Sunday, 13 May 2012

Rewind: Joysticks (1983)

The kids are funning it up and City Hall wants to drop the curtain on their good times. We’ve heared this song before, but Joysticks is a lament, not a hymn...

Joysticks (1983, Greydon Clark)

Starring: Joe Don Baker, Leif Green, Jim Greenleaf, Scott McGinnis, John Diehl

Tagline: More Fun Than Games! (?)

Trailers: Chump Change, Ivory Powers, The Oceanographer’s Niece

Cherrypick: “He’s got Pac-Man Arthritis and Blinky Syndrome?!?”
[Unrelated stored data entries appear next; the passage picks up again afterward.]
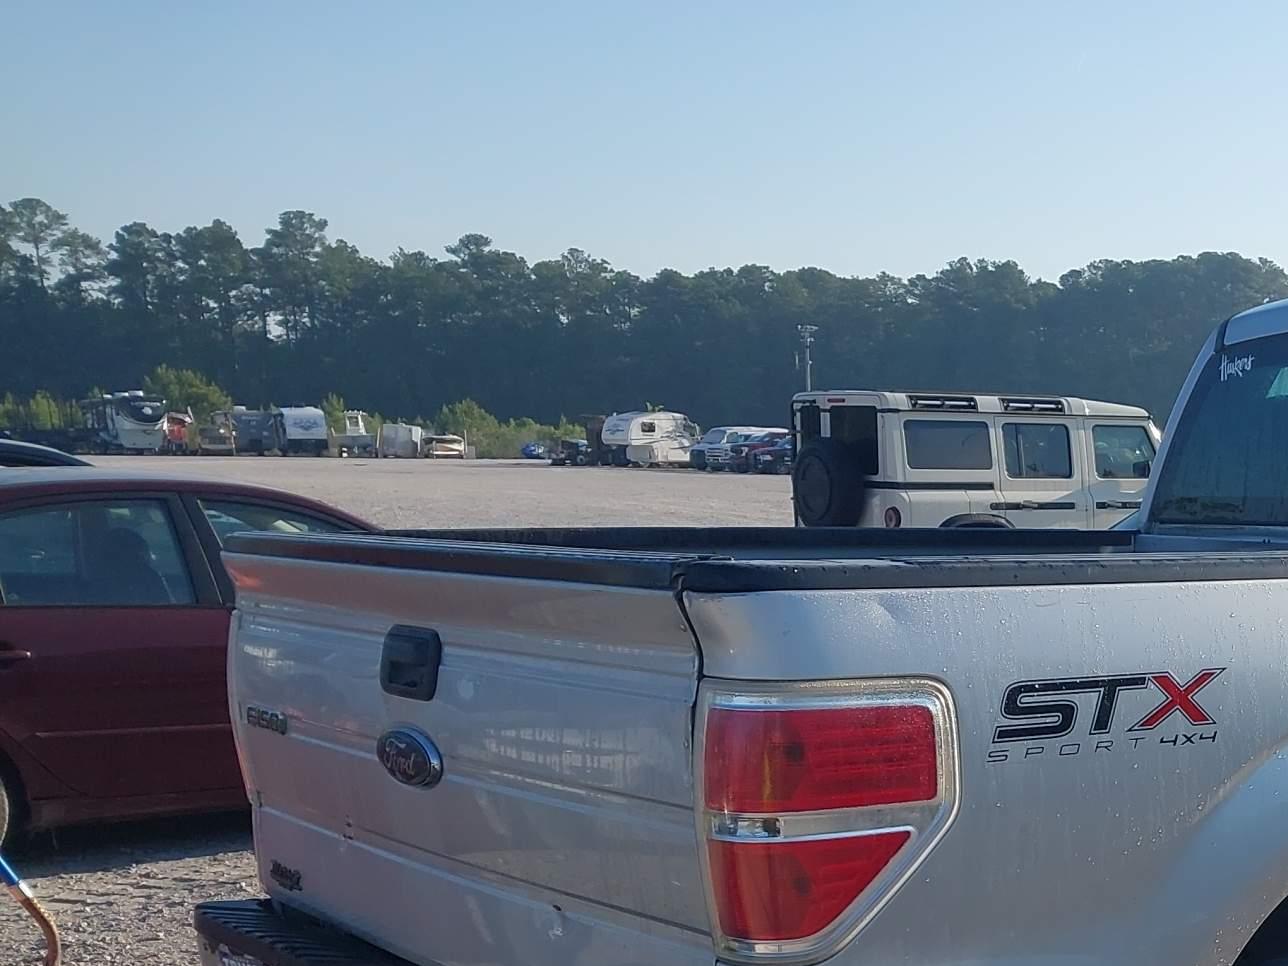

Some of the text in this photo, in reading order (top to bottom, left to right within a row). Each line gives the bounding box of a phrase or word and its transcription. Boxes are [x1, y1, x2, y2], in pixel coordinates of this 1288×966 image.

[992, 667, 1227, 744] STX
[383, 739, 415, 776] Ford
[986, 736, 1146, 763] SPORT
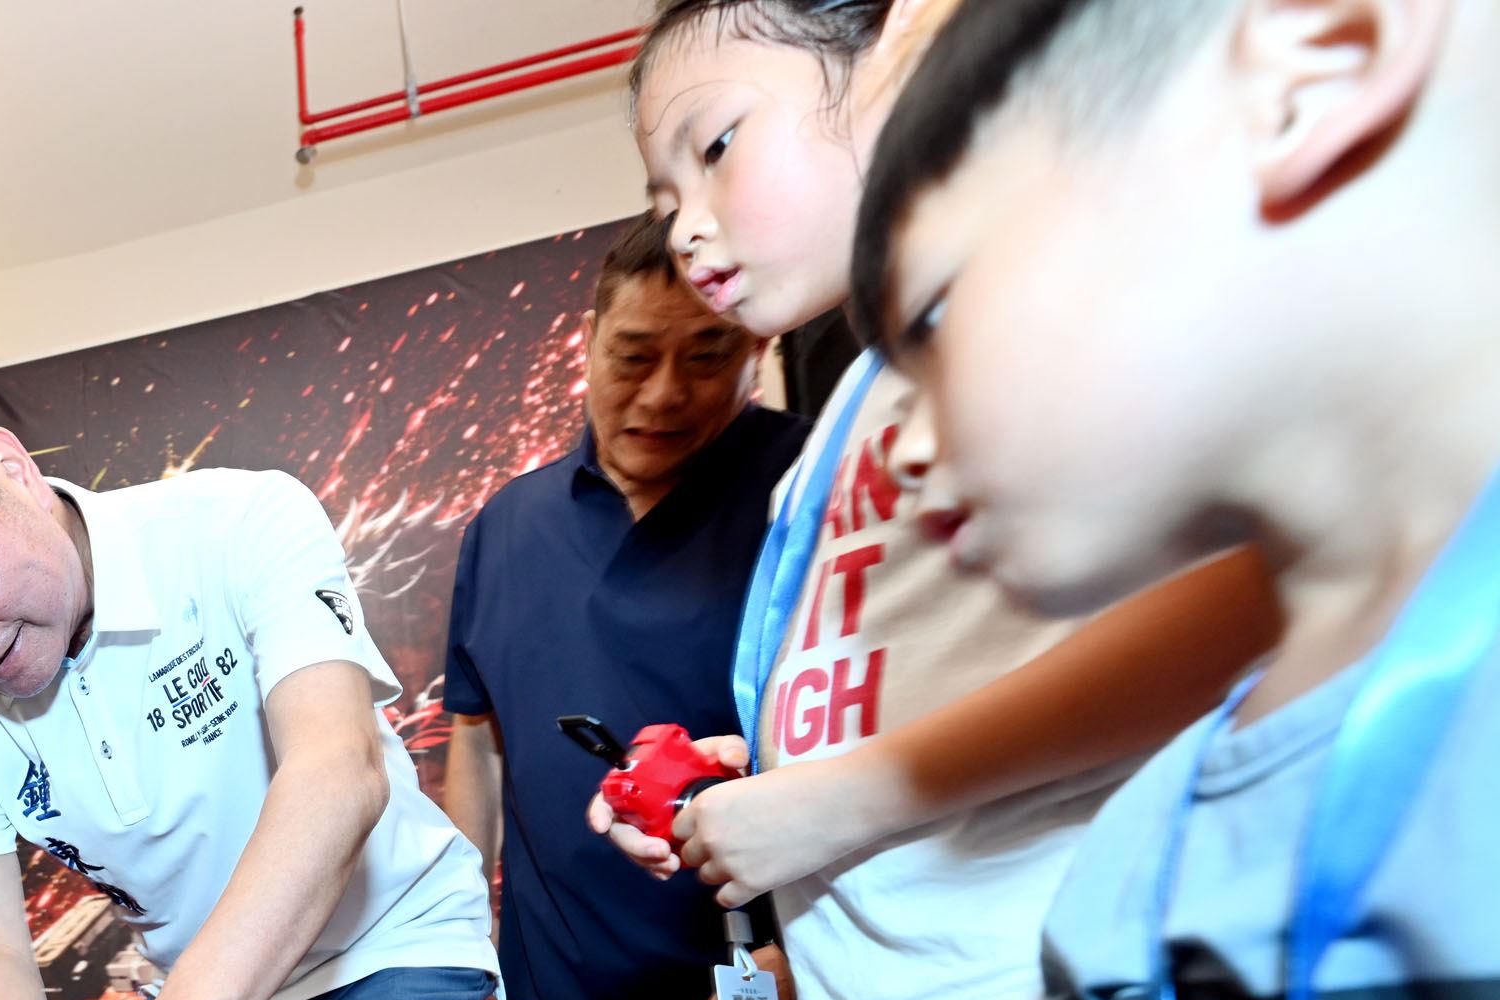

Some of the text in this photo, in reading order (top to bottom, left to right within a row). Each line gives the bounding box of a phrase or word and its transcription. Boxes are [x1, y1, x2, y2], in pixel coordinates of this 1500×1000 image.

[215, 647, 238, 676] 82
[163, 656, 210, 704] LE COQ
[172, 677, 224, 729] SPORTIF
[146, 707, 166, 732] 18
[202, 727, 223, 745] FRANCE
It would be remiss to steam into any review of a film as far-reaching as 1983’s mammary-minded button-jabber Joysticks without first checking the grubby fingerprints of the unregistered clown school rejects that somehow scavenged together the fears and obsessions of the video generation into a fully-formatted pixilated zeitgeist that gifted the era their Altamont; a dark and kaleidoscopic prism through which the videovisual Eighties could rewind a splintered decade.
Nostalgia: not what it used to be...
Produced and distributed by the dubiously monickered Jensen Farley,  purveyor of superannuated bongo flicks and third-tier schlock horrors - as well as Timerider: The Adventure of Lyle Swann, which for ERH’s money is the greatest film title since Children’s Toilet (1897) – Joysticks would appear to have skin and shock credentials to burn, but little feel for the beat of the street. Enter director Greydon Clark, a cinematic ambulance chaser who had already proved that he didn’t need a weatherman to know which way the wind was blowing with such à la mode polemics as Satan’s Cheerleaders, Black Shampoo (literally an all-black version of Warren Beatty’s Shampoo) and Skinheads. Together they would come to do for the neon Valhalla of the video arcade what Harpo Marx did for the telephone.
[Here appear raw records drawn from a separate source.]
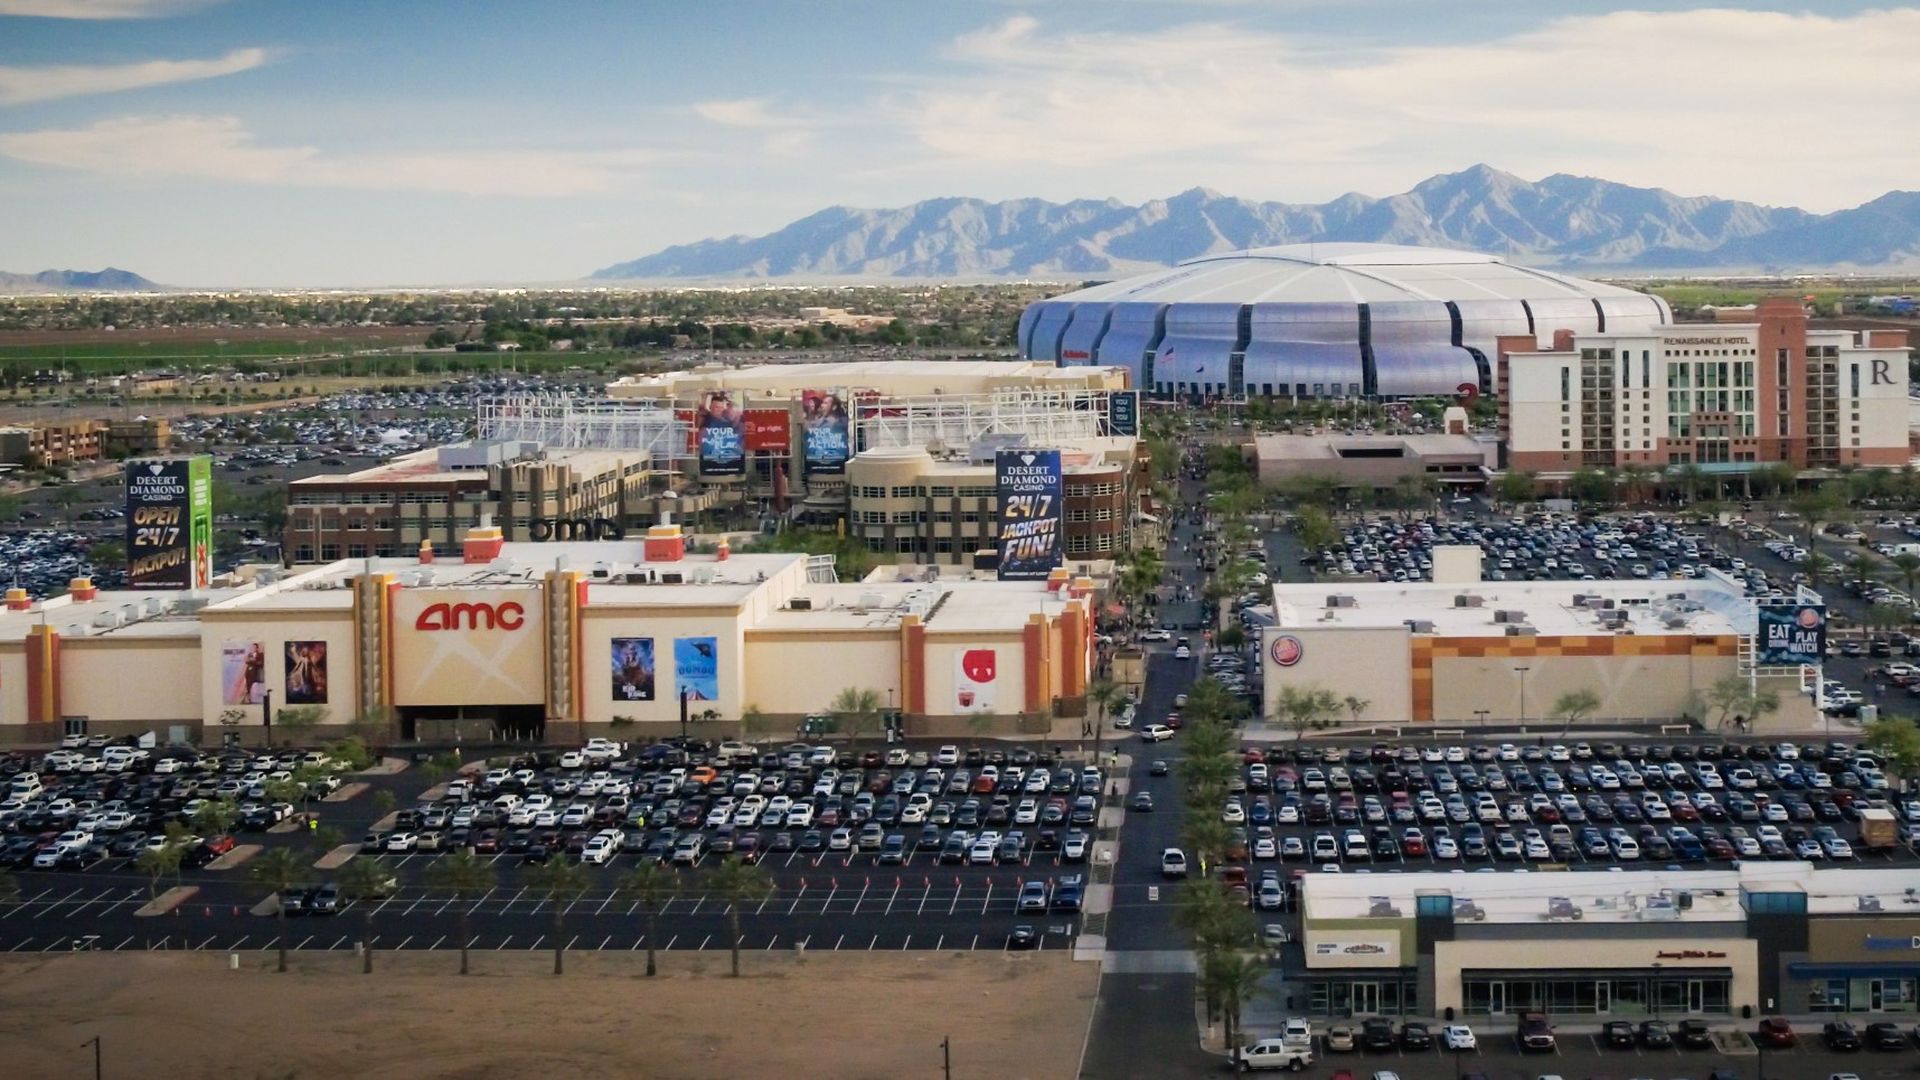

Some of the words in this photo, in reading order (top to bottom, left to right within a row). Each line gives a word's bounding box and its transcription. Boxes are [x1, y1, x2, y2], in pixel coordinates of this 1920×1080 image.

[1871, 360, 1897, 385] R
[706, 427, 734, 436] YOUR
[1008, 467, 1050, 475] DESERT
[136, 477, 178, 485] DESERT
[1001, 476, 1056, 484] DIAMOND
[130, 486, 185, 494] DIAMOND
[1005, 494, 1052, 518] 24/7
[134, 506, 181, 525] OPEN
[1001, 518, 1058, 539] JACKPOT
[135, 527, 180, 547] 24/7
[1003, 534, 1055, 563] FUN!
[131, 548, 185, 577] JACKPOT!
[1769, 624, 1790, 639] EAT
[1795, 632, 1818, 642] PLAY
[1790, 643, 1818, 653] WATCH
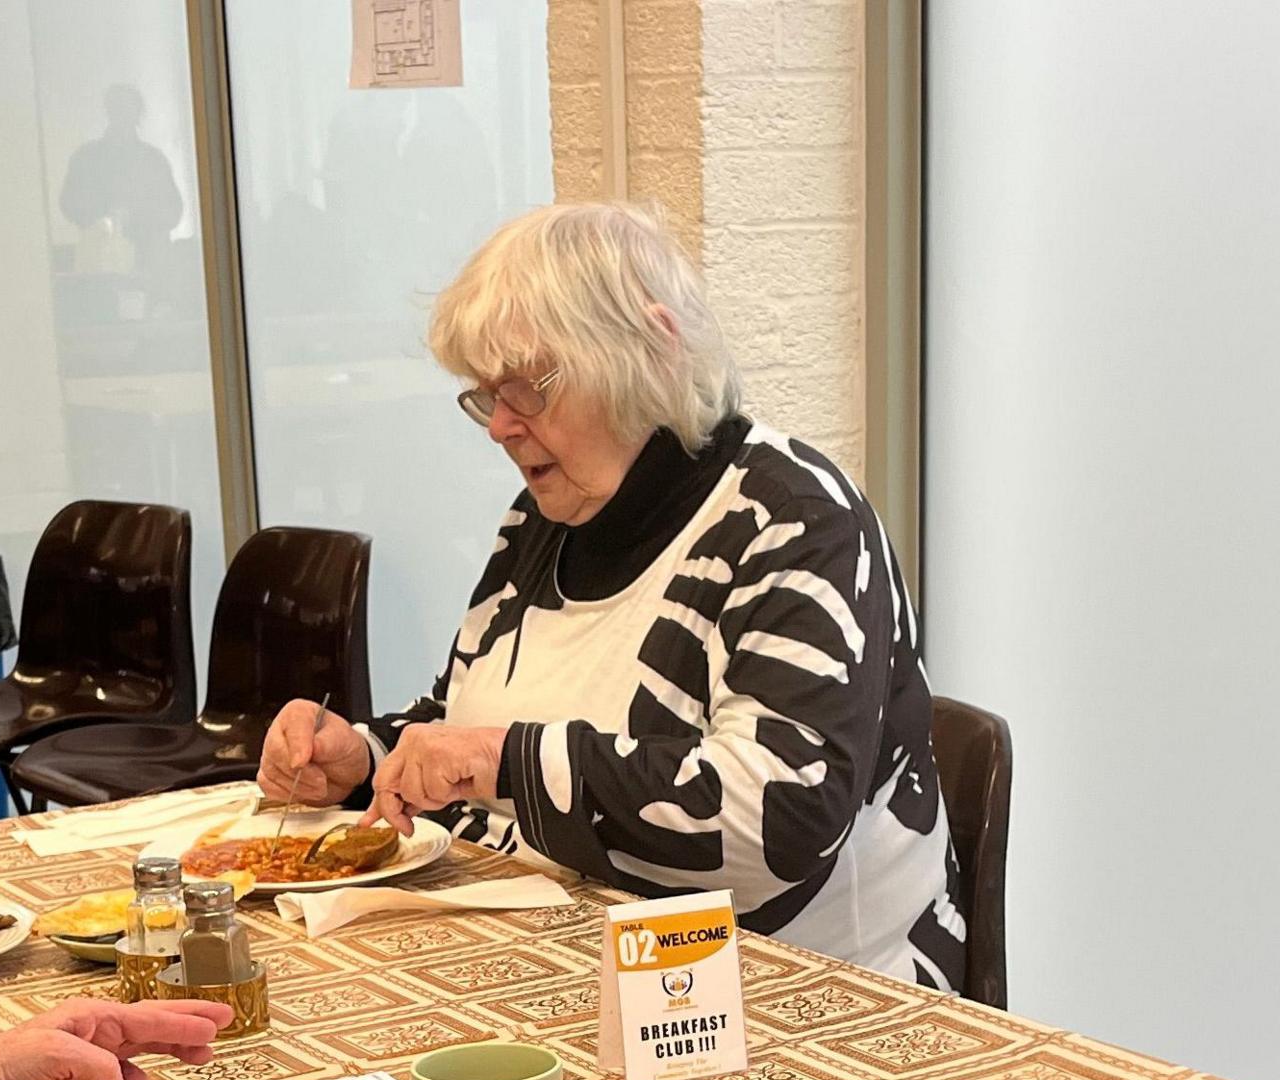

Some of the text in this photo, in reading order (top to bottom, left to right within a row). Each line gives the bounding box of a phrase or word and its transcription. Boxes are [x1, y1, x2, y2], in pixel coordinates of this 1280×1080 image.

[620, 923, 644, 933] TABLE
[618, 926, 729, 967] 02 WELCOME
[640, 1013, 728, 1042] BREAKFAST
[655, 1035, 716, 1059] CLUB !!!
Essentially a itchy-trigger showdown between the nerds, jocks, Pasadena punks and bleach blonde Valley girls that make up the console community of some jerkwater Californian burg and local busybody/mob bagman/boiling-point puritan Joe Don Baker’s attempts to shut down their gilded palace of sin, this is the underdog story writ large: Footloose for four-eyed Freddies; Amistad for Amstraders; Rocky for ‘tards. The kids are funning it up and City Hall wants to drop the curtain on their good times. We’ve heard this song before, but Joysticks is a lament, not a hymn.
Believe it or not, but this crew is actually a highlight!
But we get ahead of ourselves, for every Kong needs his Mario, and our guide through the neon-edged netherworld of arcade fire is one Eugene Groebe – an entry-level Pointdexter complete with bow tie, three-pleat chinos and brutal horn-rims. Drafted into the food counter of his neighborhood video parlour – a facility whose W.I.C. (Wiener Into Cleveage) count stands alone in modern cinema – Eugene is our pratfalling Passepartout around the world of cabinet chaos, breasty bi-play and internecine intrigue that all threaten to take the unwary viewer’s eye off the ball. We would, however, do well to remember that this was the American Eighties, where nothing was as it first seemed…
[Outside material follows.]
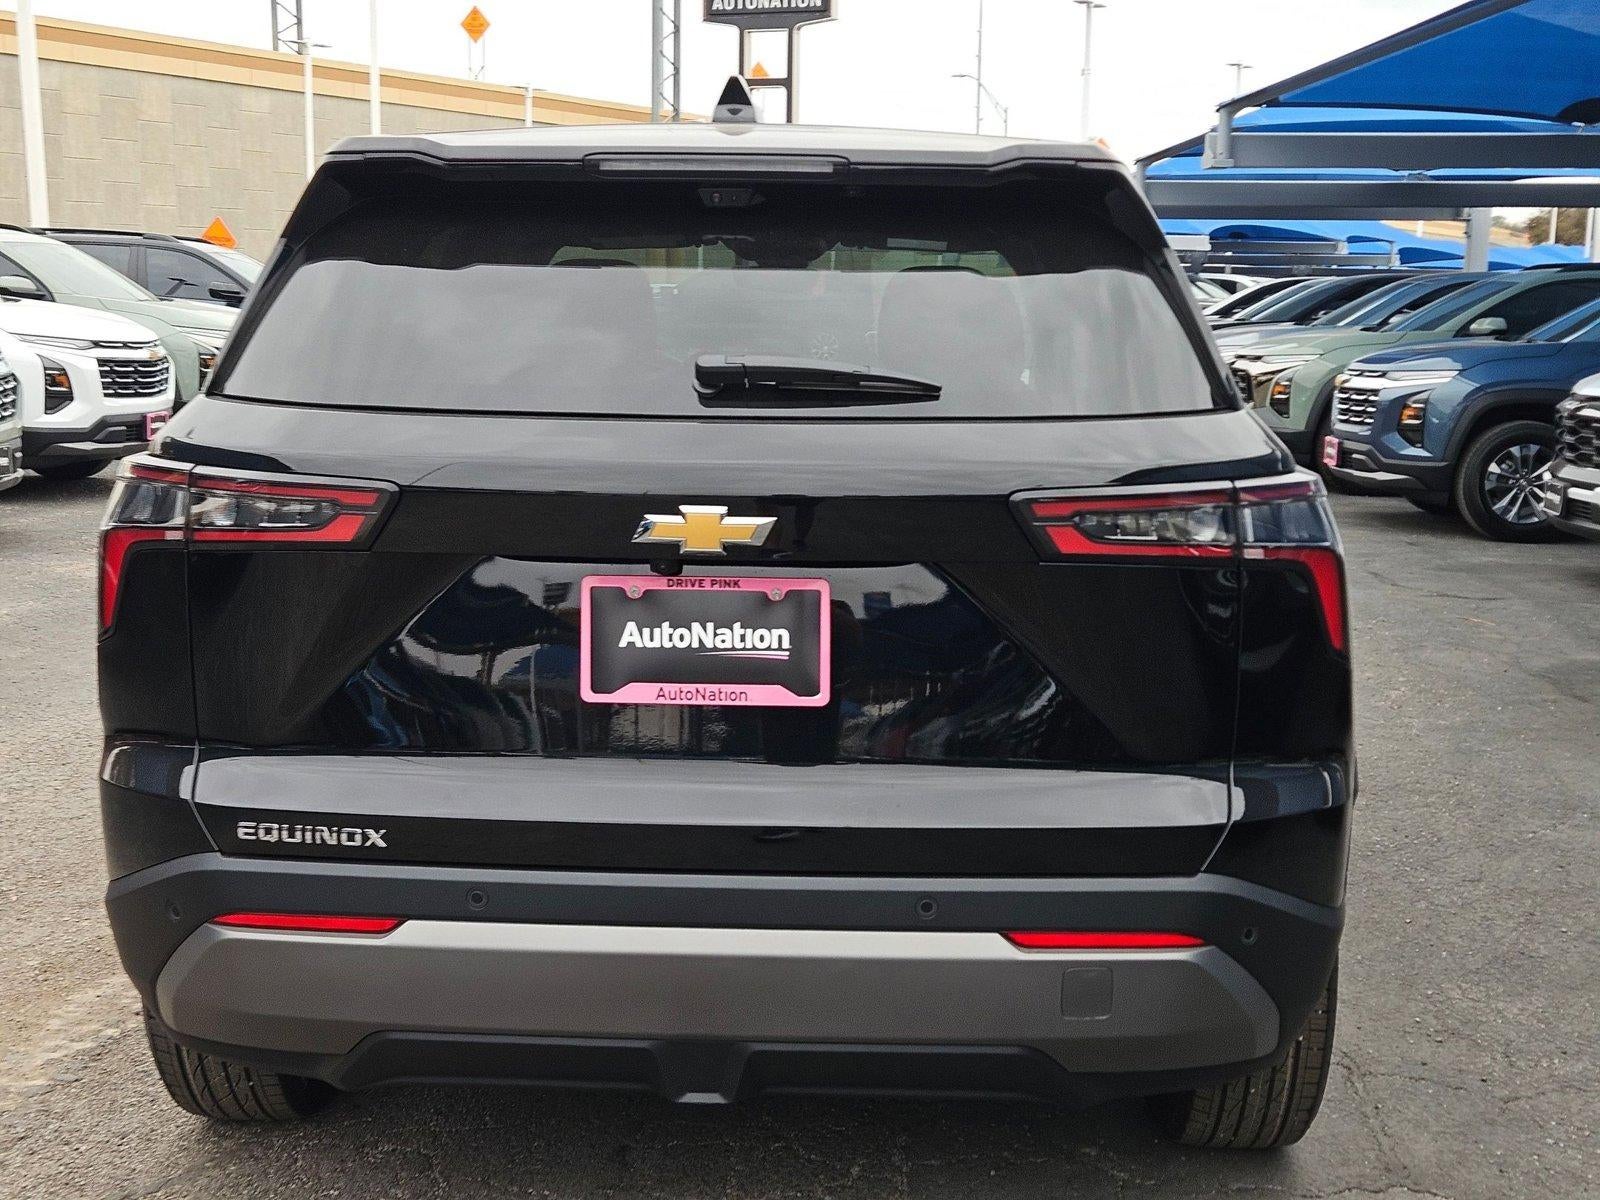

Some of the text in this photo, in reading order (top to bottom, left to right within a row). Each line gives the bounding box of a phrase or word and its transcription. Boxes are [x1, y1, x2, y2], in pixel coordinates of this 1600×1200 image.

[667, 578, 741, 589] DRIVE PINK
[618, 620, 790, 649] AutoNation
[656, 686, 748, 702] AutoNation
[236, 821, 388, 848] EQUINOX
Not only was the Cold War raging, but American heavy industry was buckling under the yoke of the Rising Sun as Japanese corporations employed inscrutable long-game business plans in order to break the back of US manufacturing. And where better for the Asian appeasers to psychically feed and water the armies of disinherited American worker drones while they flooded the market with cheap electronic gee-gaws and efficient automobiles than the inescapable 8-bit Matrix of their own fiendish video ‘entertainments’. The battle for American industry would not be fought in the boardroom or on the picket-line but on the breaking grounds of Galaxian and Pac-Man. The irony, of course, is that the vanquished foe would be paying a quarter a time for the privilege.
'Satan's Hollow'
Thus Baker is ultimately revealed as the hero of the piece. The big-boned barbarian at the gates is become an unheeded saviour; the herald of economic collapse and societal malaise destined to be forever shunned and ridiculed by the silicone sybarites raining outsize barrels down upon him from atop the city walls.

Never mind that Joysticks is episodic, crass, prurient, boneheaded, rudderless, baffling and groans under the production values of a Central American snuff movie - it is also binary wake-up call to a goggle-eyed nation blasting away at the wrong kind of space invader. This is Cinema as Smuggler: subversive, slippery and - to paraphrase Hunter S Thompson – stupid enough to be totally confident.